Data Science is not a goal, but a tool
Building data science teams may be a daunting task – both because of analytics’ transformative power and our species’ tricky fear of change.
Yet data science is not a goal: it is merely a tool to achieve better business outcomes. This especially true – and especially important to grasp – for non-technical companies trying their hand at data-driven decision making.
I couldn’t think of a better example than the recent talk by Brian Hovis, VP of Marketing at Nordstrom (a US chain of department stores since 1901, 2017 sales: $15.1B).
“We have invested in a data scientist capability in-house. That doesn’t happen overnight. You have to source that talent, onboard that talent, and build that capability”. As said by Hovis, about the company’s venture in exploring 100 years’ worth of customer data.
But Nordstrom, given they are fully capable to custom-build machine learning (ML) and artificial intelligence (AI) tools, decided to go for a different approach. The dedicated team of data scientists were directed to use existing third-party products instead of venturing into the wild with a non-defined solution to a somewhat ambiguous task like “increase sales”.
“We would recognize that we are a retailer, we’re not a technology company,” Hovis shared with the audience at Transform 2018, also stating that certain investments in things like building AI software from the ground up wouldn’t make sense financially. Nordstrom needed to keep focus “without spinning [its] wheels”.
THE LEAN WAY
This approach makes a lot of sense for businesses around the globe – loosely dubbed “lean” by entrepreneurs and CEOs alike, the goal is to prove business value as early as possible – with the least amount of investment. A 100-year large database is ripe for analytics: but would insights bring real, hard income?
Certain companies choose to take an even leaner approach – have their proof-of-concepts developed hand-in-hand with an external partner, validate findings, improve initial results – and only then internalize the process. This is a risky proposition, taking into account that industry-specific knowledge is critical when building a world-realistic model. So organizations need to choose their data science partners wisely – and also define specific business cases.

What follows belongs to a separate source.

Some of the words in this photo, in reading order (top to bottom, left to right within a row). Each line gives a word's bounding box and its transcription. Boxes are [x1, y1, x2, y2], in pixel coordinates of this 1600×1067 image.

Another key prerequisite is the ability to trust your partner with your company’s most confidential data – including financial and customer information. Most of the insights we were able to produce for our customers came through data enrichment and cross-source analytics – for example, an optimization of the sales force for undervalued existing customers in one case.

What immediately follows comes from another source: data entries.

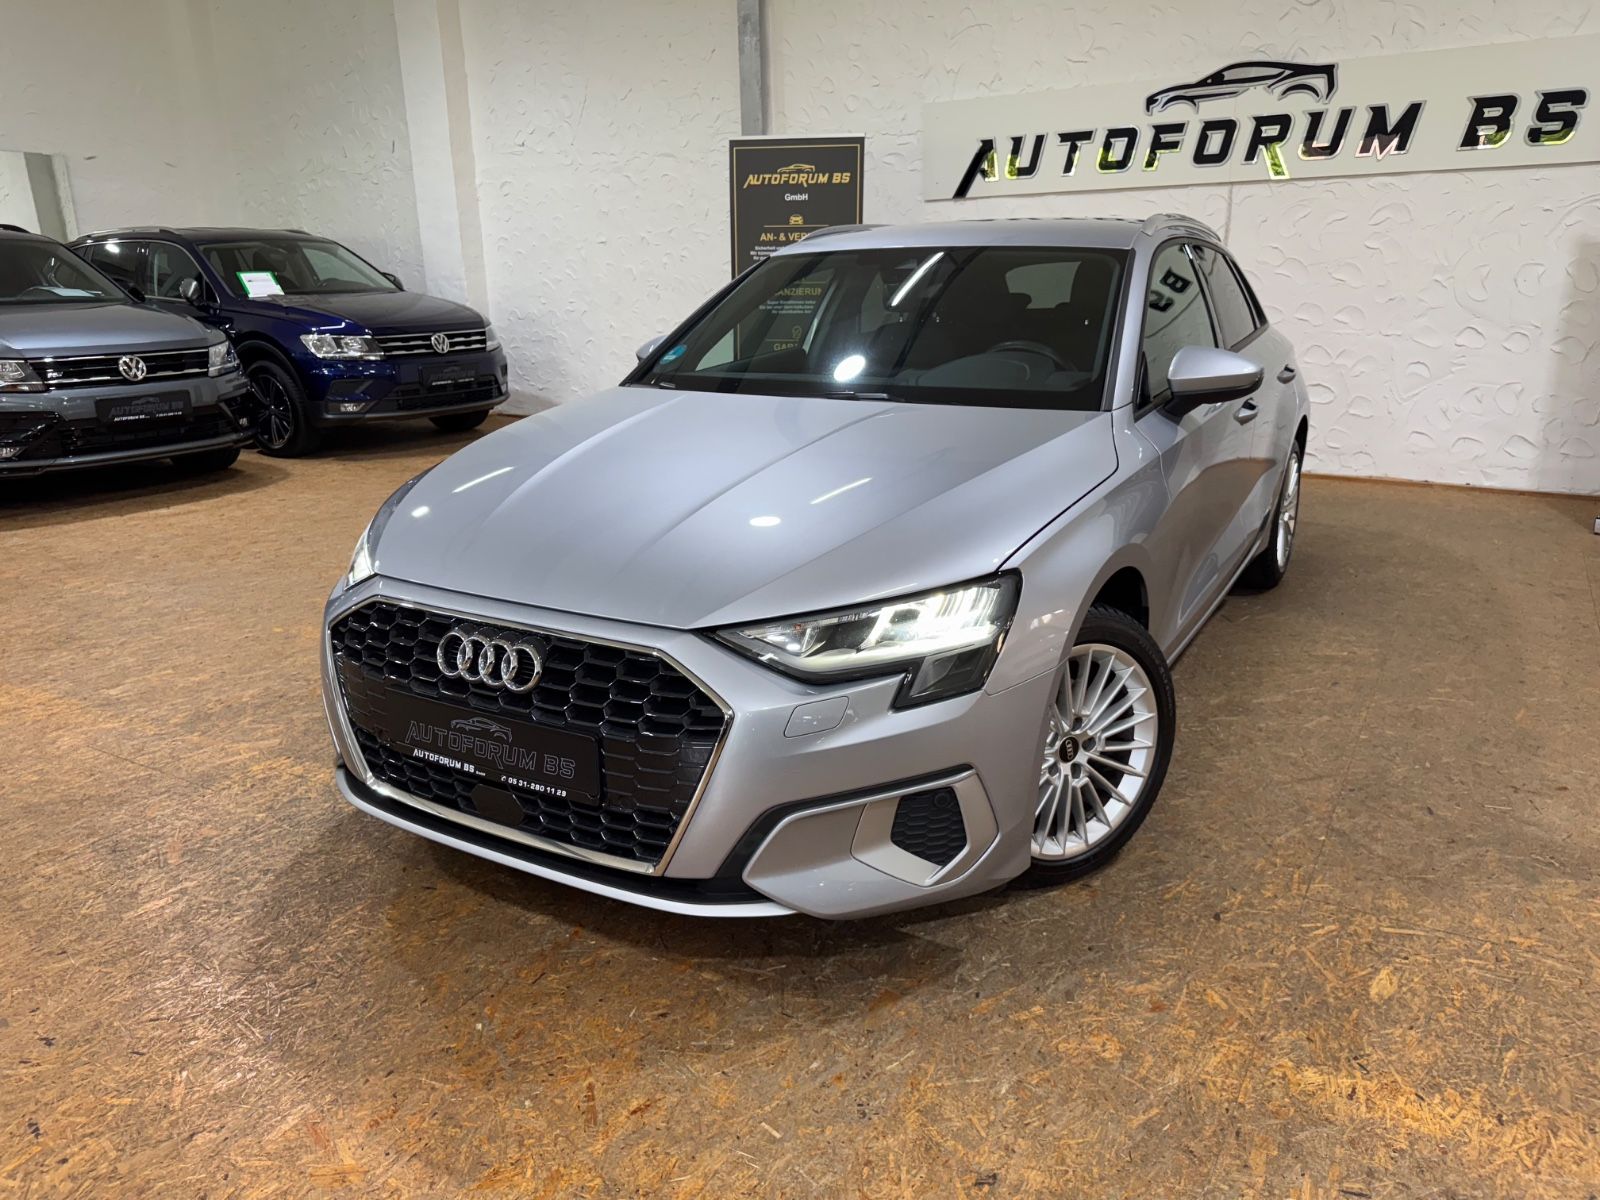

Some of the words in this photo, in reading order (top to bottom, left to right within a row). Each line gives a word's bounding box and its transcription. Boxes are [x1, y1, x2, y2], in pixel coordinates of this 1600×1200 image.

[953, 100, 1427, 200] AUTOFORUM
[1457, 87, 1589, 152] BS
[743, 173, 829, 189] AUTOFORUM
[831, 172, 851, 184] BS
[784, 193, 808, 201] GmbH
[760, 232, 777, 241] AN-
[779, 232, 786, 241] &
[788, 231, 809, 241] VER
[773, 343, 798, 351] GAR
[405, 720, 537, 771] AUTOFORUM
[543, 754, 576, 780] BS
[413, 748, 461, 769] AUTOFORUM
[463, 762, 475, 773] BS
[508, 777, 518, 785] 05
[546, 786, 555, 795] 11

NORDSTROM: SMALL STEPS, BUT STEADY
In Nordstrom’s case, the first step was to segment the huge customer base and identify customers that were more likely to shop from the outlet brand – “Nordstrom Rack”. While not all customers would be looking to pay the full price of a product, they may still sufficiently appreciate an item to look for discounts for it. That’s where remarketing efforts of the outlet brand comes in – via email or phone, depending on customer preference. In retail, acquiring a customer is quite expensive, so companies are looking into nourishing their existing ones, even if it means diminished margins.
The results in this case? While no numbers are shared, actions speak louder than words: Nordstrom is expanding AI application across its business, including in fulfilment, distribution, and customer experience.